Q. I heard that the Medi-Cal rules to qualify for a long-term care subsidy are about to change. This would be very important to us, as my husband, now aged 85, will soon need care in a nursing home, and we are very concerned about the cost. Do you know anything about this?
A. Yes, indeed, and you heard correctly! The changes coming are probably the most dramatic since the Medicaid program was first established under President Lyndon Johnson back in 1965. A bit of background may be helpful:
Historically, Medicaid, which we call “Medi-Cal” in California, has been a healthcare program for “the poor”, defined over the years as an individual with less than $2,000 in savings or other countable assets. That very modest number has not changed over the years.
However, if that individual is married, and has a spouse living at home in the community (a “Community Spouse”), a 1989 amendment to the Medicaid Act recognized the need for a Community Spouse Resource Allowance (“CSRA”), to avoid the impoverishment of the spouse at home. That CSRA amount has adjusted over the years based on inflation, and the current amount is $137,400. So, under today’s Medi-Cal rules, a married individual with a Community Spouse could qualify for a Medi-Cal subsidy if, together, their savings and other countable resources do not exceed the sum of $2,000 + $137,400 = $139,400.

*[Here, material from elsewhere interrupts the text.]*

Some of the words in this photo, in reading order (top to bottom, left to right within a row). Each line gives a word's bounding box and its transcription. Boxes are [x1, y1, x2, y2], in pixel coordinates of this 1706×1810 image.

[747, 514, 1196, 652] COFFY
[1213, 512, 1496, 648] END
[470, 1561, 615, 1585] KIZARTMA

The big change coming is the increase, and ultimately elimination, of the resource cap for the individual seeking a Medi-Cal subsidy. Under California legislation signed by Gov. Newsom as part of the 2021 Budget Bill (“AB 133″, at Section 364), the resource caps are set to be modified, and ultimately eliminated, in two stages, as follows:
1) Stage #1: Effective July 1, 2022, just a few short weeks away, the $2,000 individual resource ceiling will increase from $2,000 to $130,000. In addition, another $65,000 will be allowed for each household member, up to a total of 10. However, if that individual is married and has a Community Spouse who is not, herself, seeking Medi-Cal, then the couple’s combined resource allowance will be the sum of the following: $130,000 + $137,400 = $267,400.

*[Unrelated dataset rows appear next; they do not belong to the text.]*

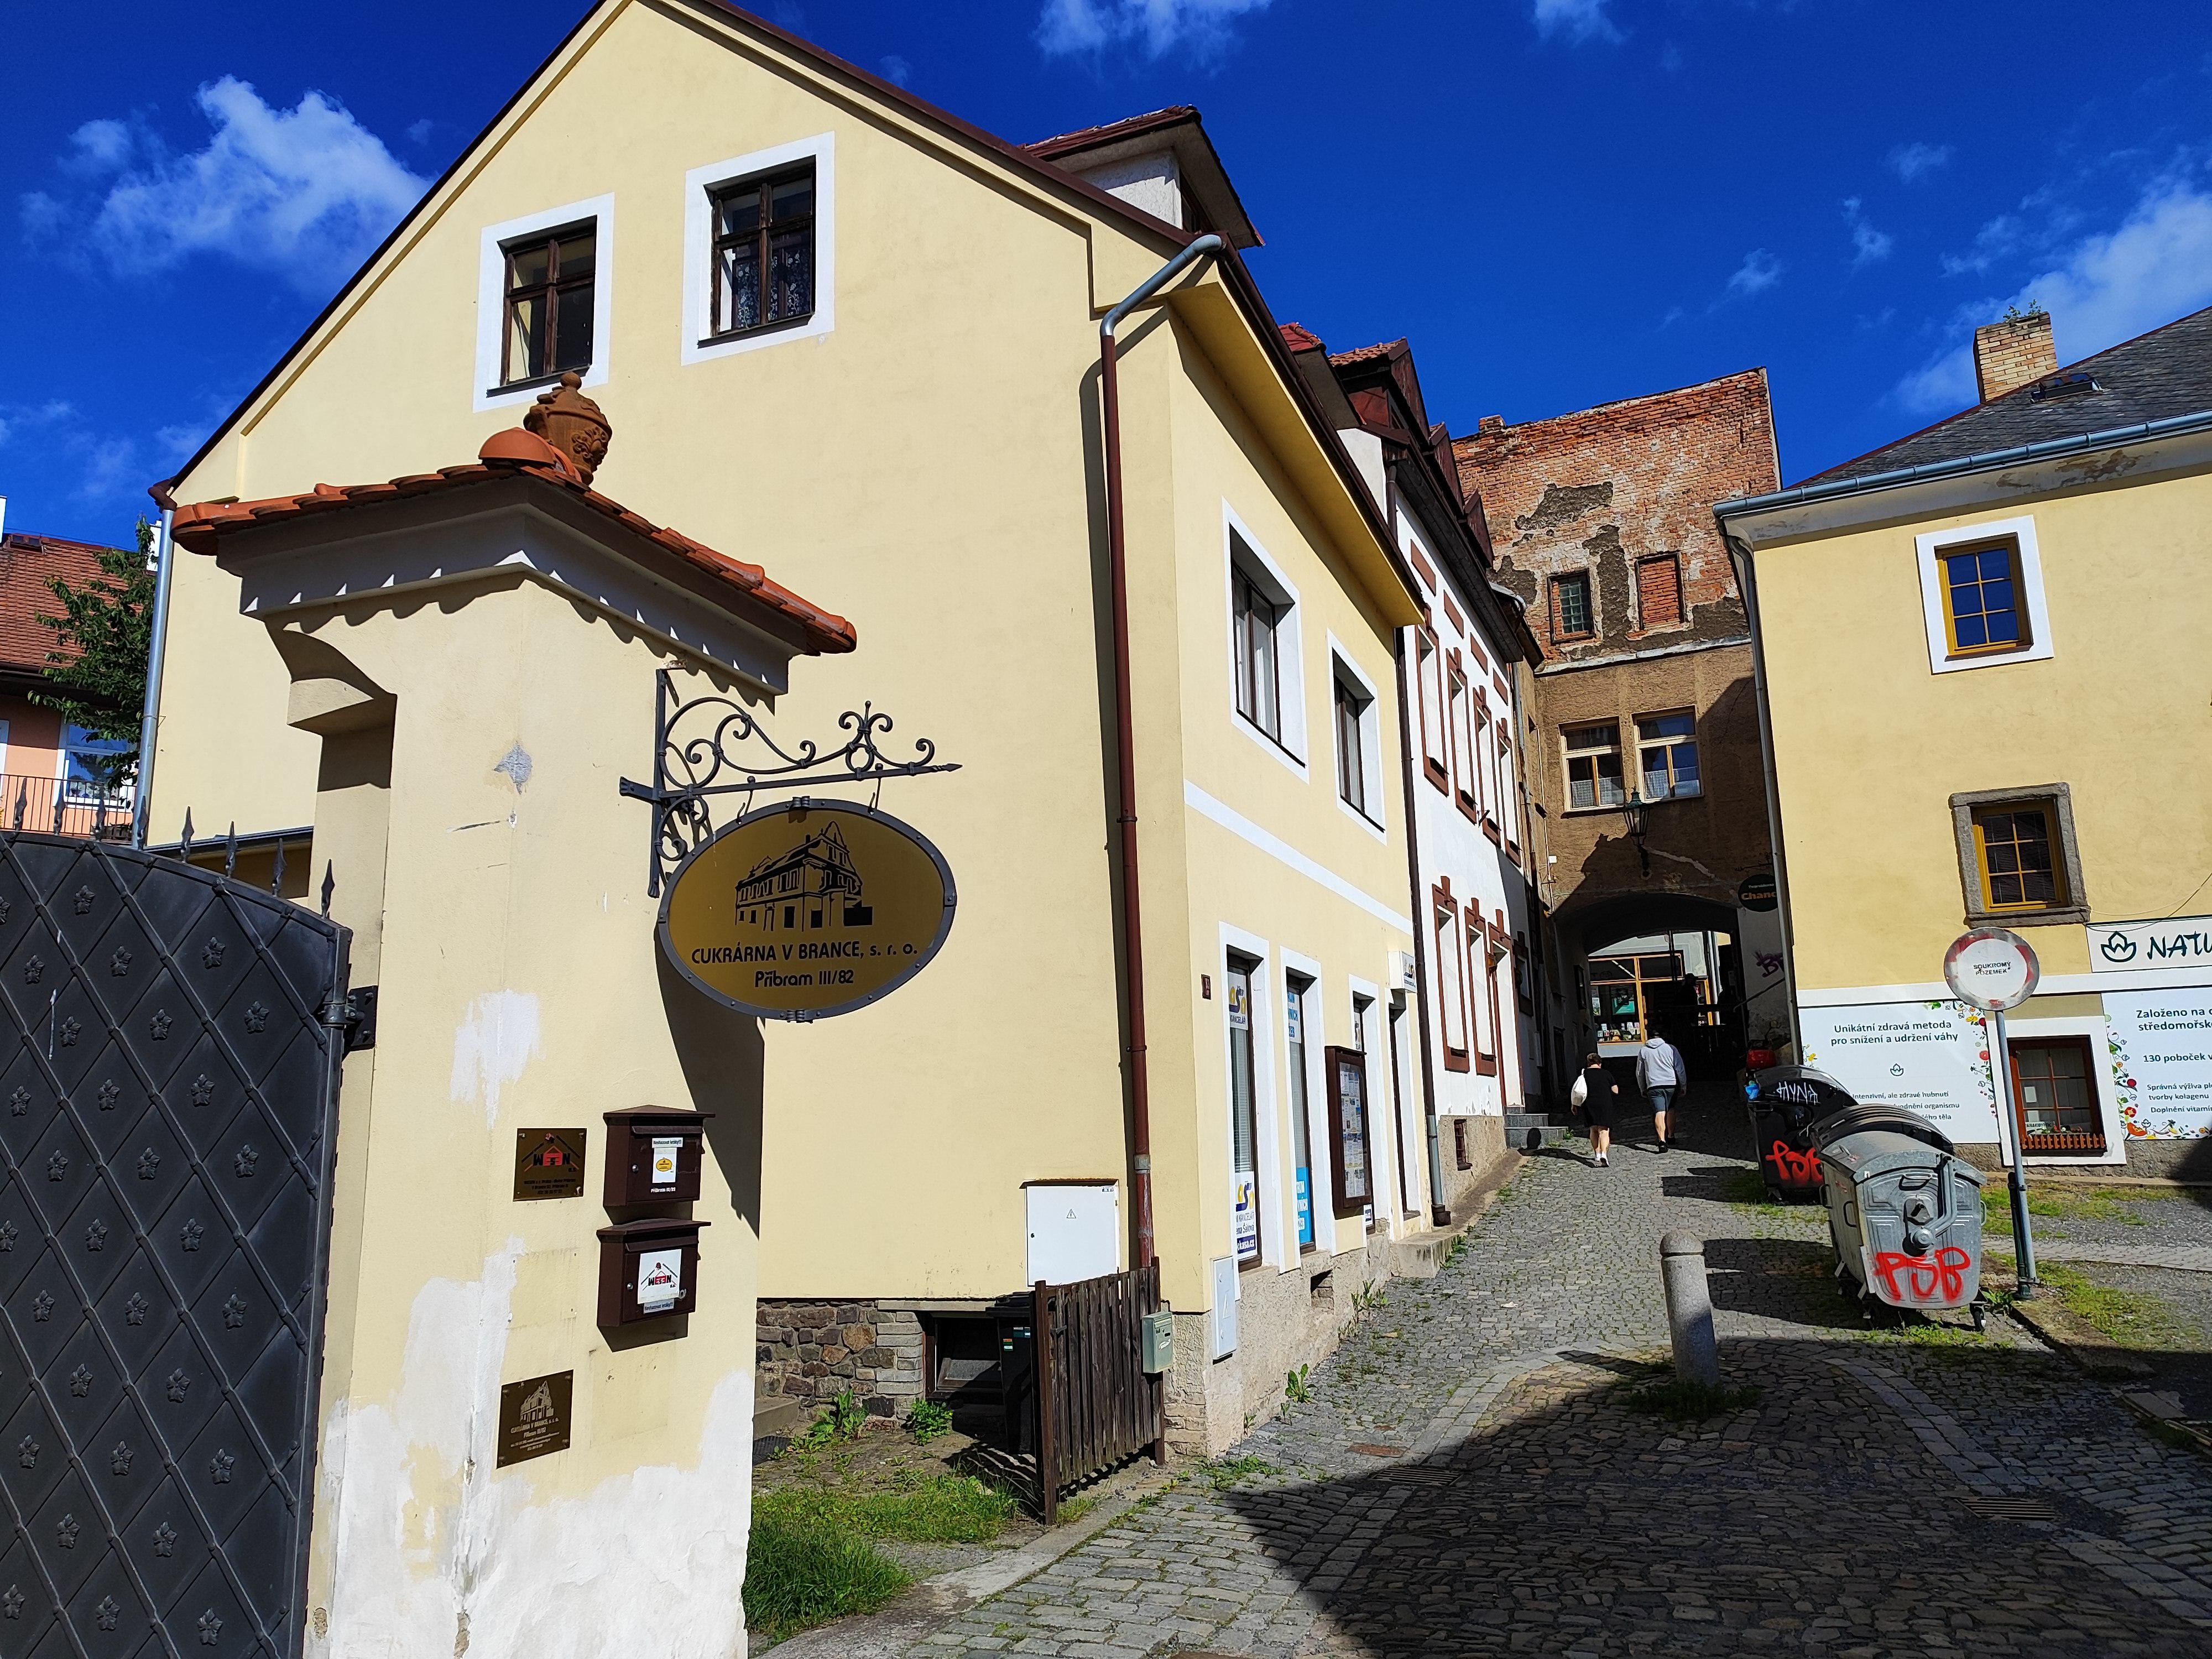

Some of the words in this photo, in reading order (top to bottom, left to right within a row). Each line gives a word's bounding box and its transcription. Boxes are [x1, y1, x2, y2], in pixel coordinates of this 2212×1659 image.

[691, 942, 776, 964] CUKRÁRNA
[781, 943, 794, 961] V
[798, 941, 864, 959] BRANCE,
[754, 969, 813, 988] Příbram
[818, 969, 854, 985] III/82
[2136, 1008, 2188, 1018] Založeno
[1834, 1023, 1875, 1033] Unikátní
[1877, 1021, 1910, 1031] zdravá
[1912, 1020, 1952, 1030] metoda
[2138, 1019, 2212, 1031] středomořsk
[1831, 1037, 1847, 1046] pro
[1849, 1034, 1883, 1044] snížení
[1895, 1032, 1932, 1042] udržení
[1934, 1032, 1958, 1042] váhy
[2143, 1054, 2161, 1062] 130
[2163, 1052, 2206, 1064] poboček
[2147, 1083, 2177, 1092] Správná

The rules are a bit complex in terms of who qualifies as a Community Spouse (and is thereby entitled to the full CSRA of $137,400), but in our practice we have found that in most cases the spouse at home will so qualify, provided that he/she is not also seeking a Medi-Cal subsidy.
Stage #2: The California legislation proposes that on January 1, 2024, the resource caps will be eliminated entirely, subject only to Federal approval! While this approval has not yet occurred, rumor is that approval is likely. In that event, California will be the only state in the entire country that will have completely eliminated the long-standing resource test to qualify for a Medi-Cal subsidy.

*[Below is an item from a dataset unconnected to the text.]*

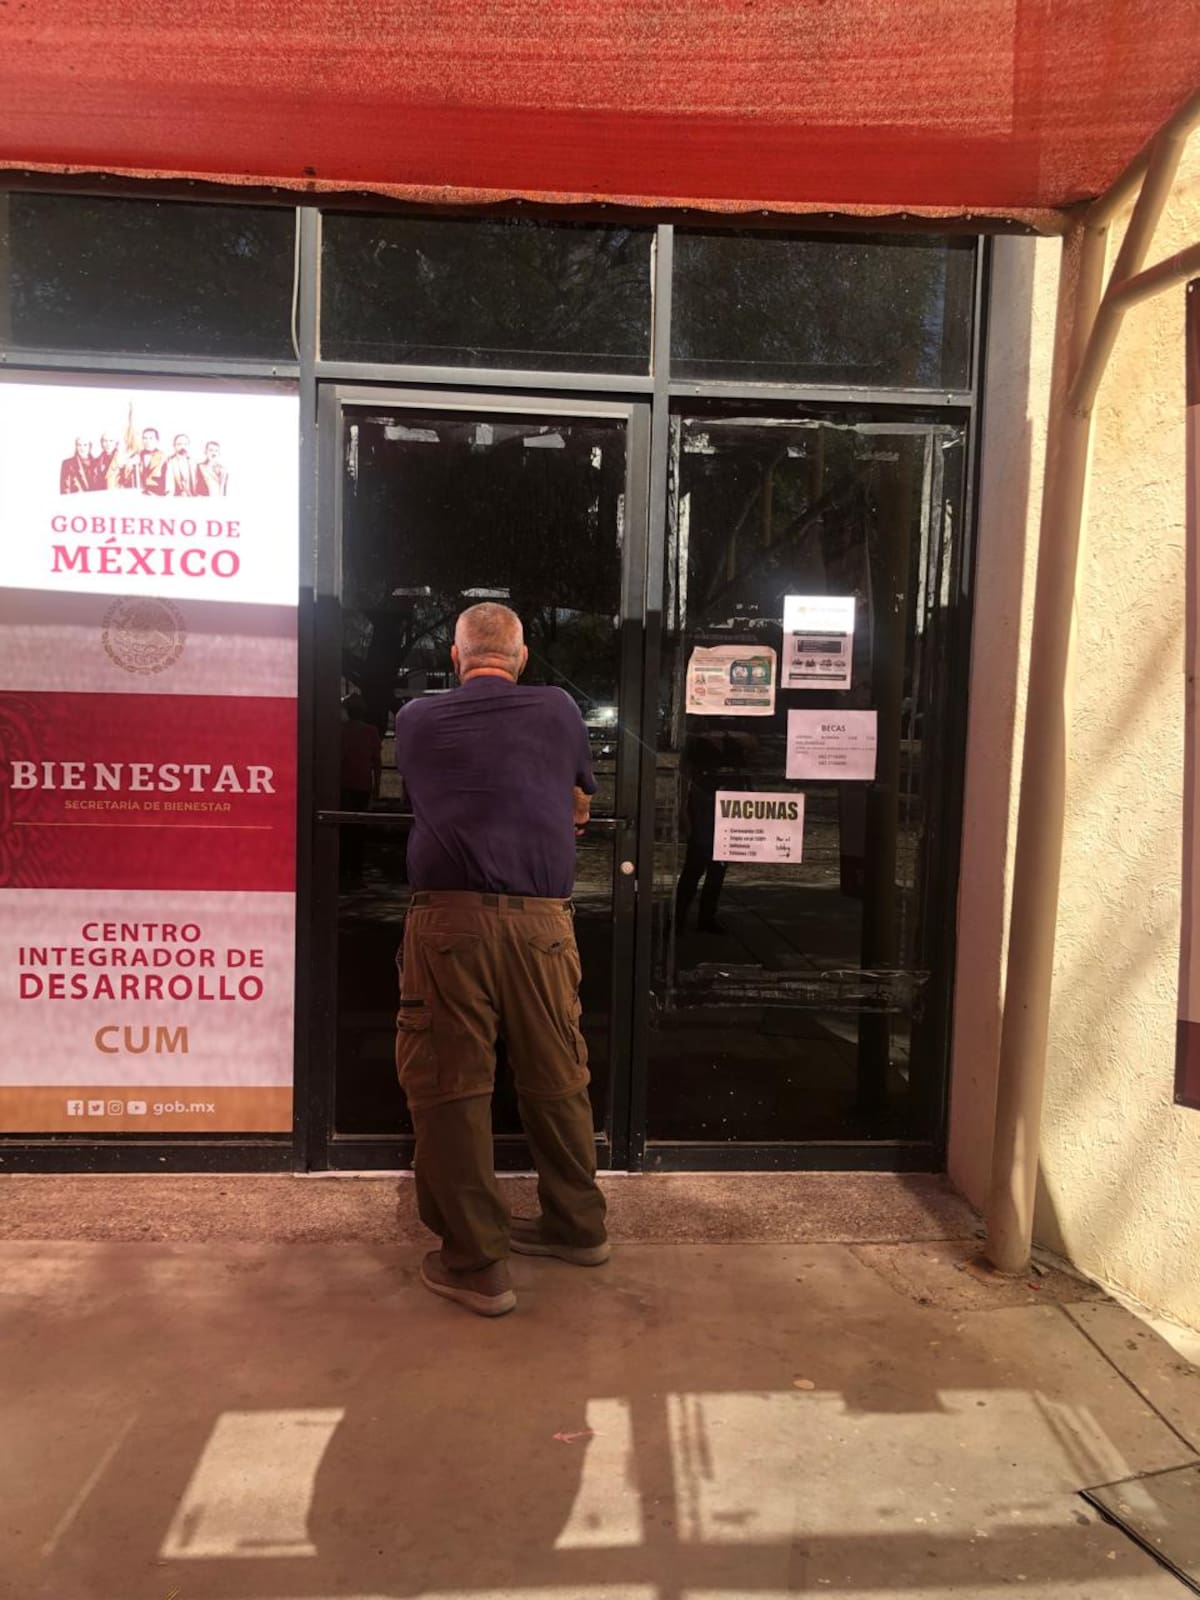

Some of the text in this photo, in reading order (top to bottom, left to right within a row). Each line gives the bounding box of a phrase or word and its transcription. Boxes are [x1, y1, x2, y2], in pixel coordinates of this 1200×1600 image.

However, the following aspects of the Medi-Cal rules will not change:
1) The rules pertaining to the treatment of INCOME. Currently income is considered in determining whether an individual has a Share of Cost (“co-pay”), and is also a determinant for eligibility for certain Medi-Cal programs, such as the Aged & Disabled Federal Poverty Level Program, and the Assisted Living Waiver Program;
2) The rules pertaining to ESTATE RECOVERY. Under current rules, California may seek to recover the benefits paid, following the death of a Medi-Cal beneficiary, if his/her estate goes through a full probate, unless statutory exceptions apply, such as survival by a spouse or a disabled child. Note: assets held in a Living Trust typically do not require a probate and are therefore usually protected from estate recovery.
3) The rules pertaining to the making of GIFTS.
Caution: For those Medi-Cal recipients who are on other programs, such as the Supplemental Security Income Program (“SSI”), note that those rules will not change and $2,000 continues to be the resource ceiling for an individual receiving SSI. Thus, an individual on both SSI and Medi-Cal, may be obliged to continue to keep his/her resources below the $2,000 cap.
These Medi-Cal changes are dramatic, and I predict that California may ultimately become a Mecca for the relocation of elderly parents who are now residing in other states. Whether easier access to a Medi-Cal subsidy will impact the quality of care in long-term care facilities, only time will tell.
Note: the above discussion applies only to those persons over 65 years of age (and younger individuals on MediCARE due to a qualifying disability), the so-called Traditional Medi-Cal population (aka the Non-MAGI Population), but not to younger individuals who do not have a qualifying disability and are eligible for Medi-Cal pursuant to the “Patient Protection and Affordable Care Act”, based upon their modest incomes (i.e. the so-called “MAGI Population”). For this younger group, eligibility is based upon their “Modified Adjusted Gross Incomes”, alone, without regard to their resources). By raising and ultimately eliminating the resource requirement for the older, NON-MAGI population, AB 133 proposes to bring the (older) Non-MAGI population into line with the (younger), MAGI Population.